Work instruction:
The expected output is the full set of entries, retyped verbatim, pictures excluded.

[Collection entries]
========================================================================

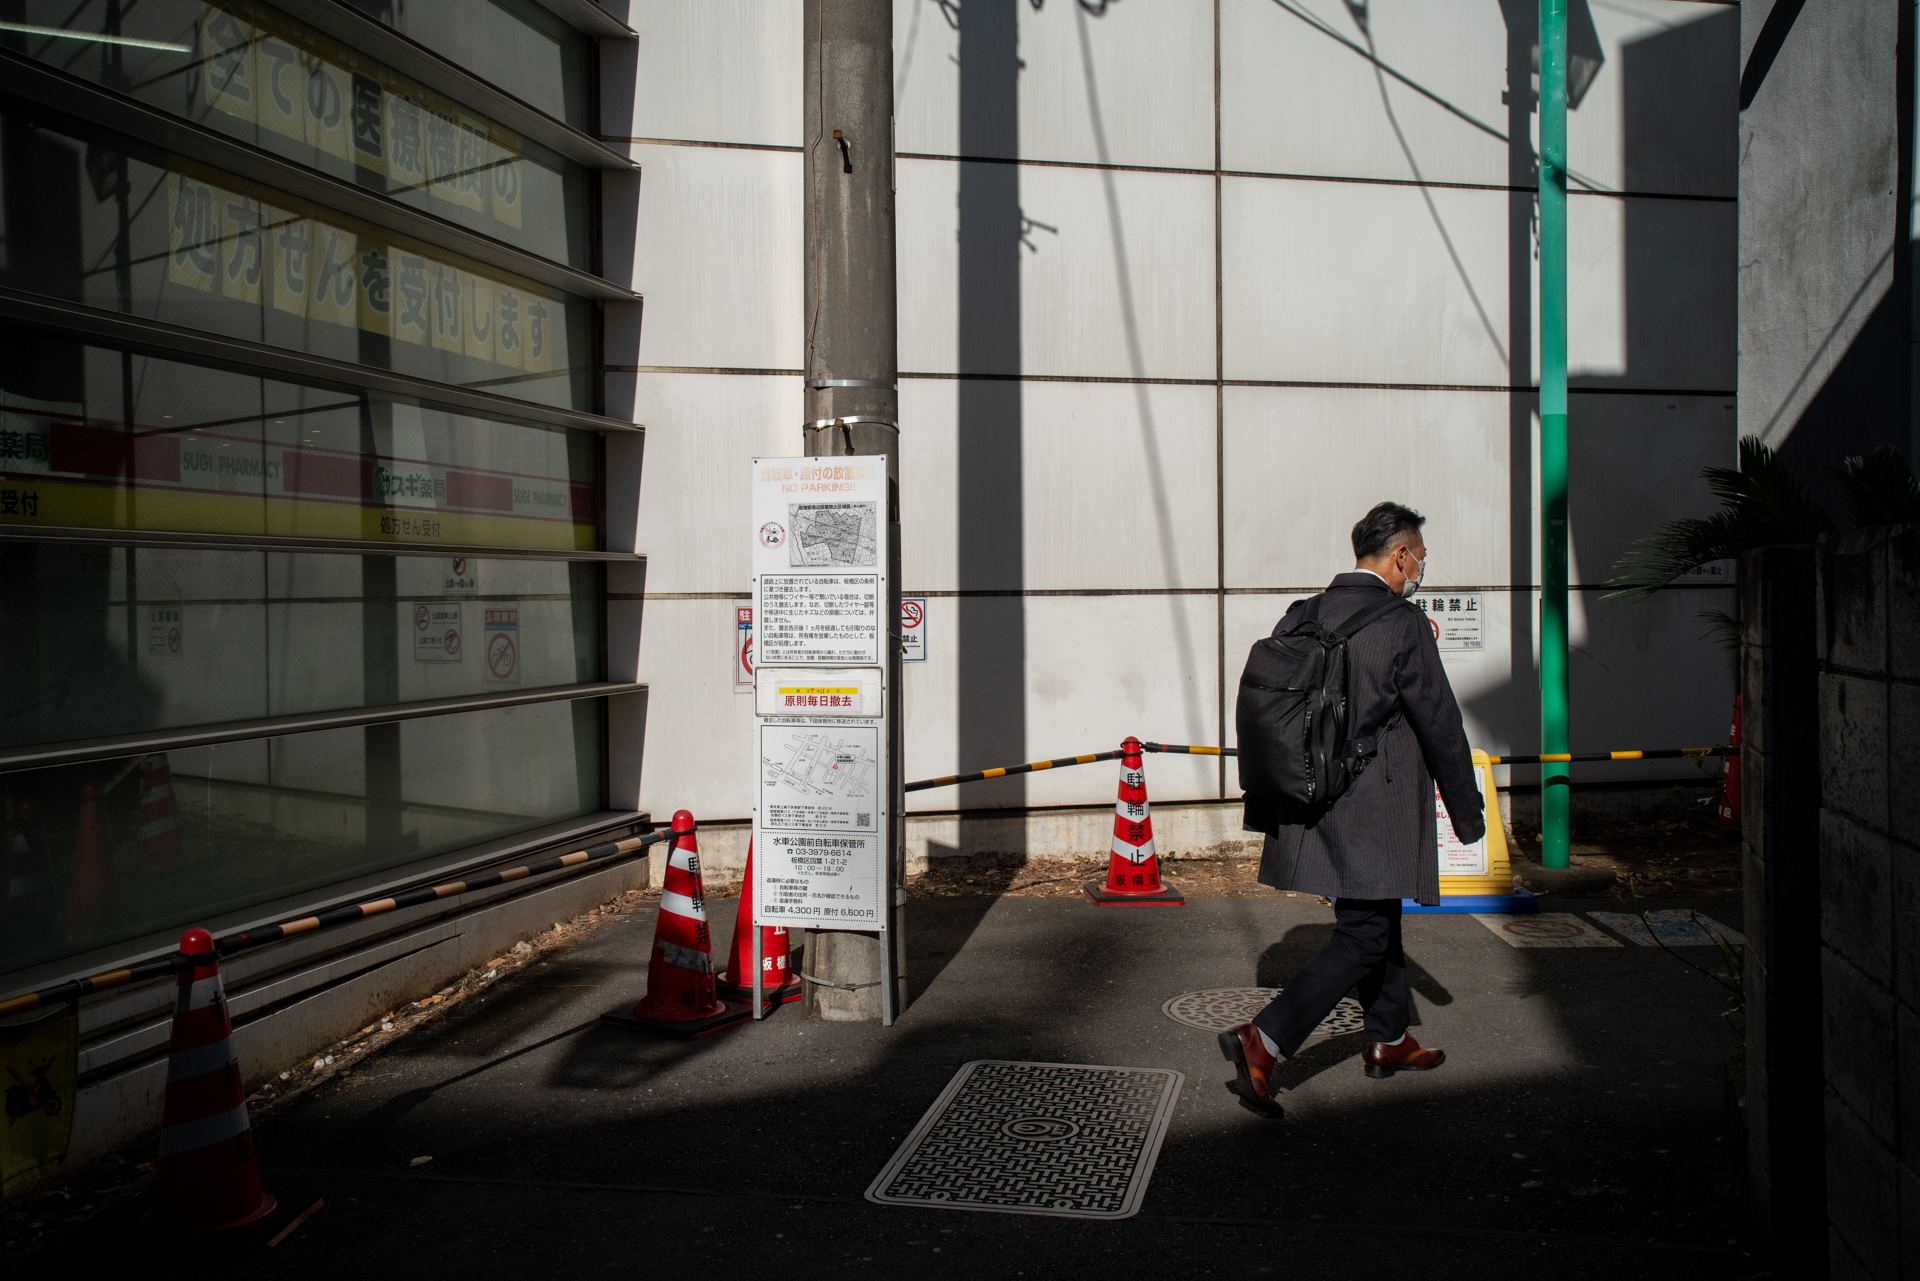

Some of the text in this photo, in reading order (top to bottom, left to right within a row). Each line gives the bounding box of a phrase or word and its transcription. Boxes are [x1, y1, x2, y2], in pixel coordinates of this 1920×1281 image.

[207, 5, 519, 206] 全ての医療機関の
[172, 172, 550, 359] 処方せんを受付します
[183, 451, 280, 479] SUGI PHARMACY
[391, 473, 446, 500] スギ薬局
[781, 482, 856, 492] NO PARKING!!
[0, 490, 38, 516] 受付
[380, 516, 441, 537] 処方せん受付
[785, 695, 852, 707] 原則毎日撤去
[1126, 773, 1146, 867] 駐輪禁止
[773, 837, 865, 849] 水車公園前自転車保管所
[791, 857, 823, 865] 板橋区四葉
[796, 848, 852, 857] 03-3979-6614
[1115, 874, 1158, 887] 板橋区
[764, 905, 786, 913] 自転車
[823, 907, 838, 916] 原付

========================================================================

Answer to this task:
Some of the text in this photo, in reading order (top to bottom, left to right within a row). Each line gives the bounding box of a phrase or word and its transcription. Boxes are [x1, y1, x2, y2], in pixel coordinates of this 1920×1281 image.

[207, 5, 519, 206] 全ての医療機関の
[172, 172, 550, 359] 処方せんを受付します
[183, 451, 280, 479] SUGI PHARMACY
[391, 473, 446, 500] スギ薬局
[781, 482, 856, 492] NO PARKING!!
[0, 490, 38, 516] 受付
[380, 516, 441, 537] 処方せん受付
[785, 695, 852, 707] 原則毎日撤去
[1126, 773, 1146, 867] 駐輪禁止
[773, 837, 865, 849] 水車公園前自転車保管所
[791, 857, 823, 865] 板橋区四葉
[796, 848, 852, 857] 03-3979-6614
[1115, 874, 1158, 887] 板橋区
[764, 905, 786, 913] 自転車
[823, 907, 838, 916] 原付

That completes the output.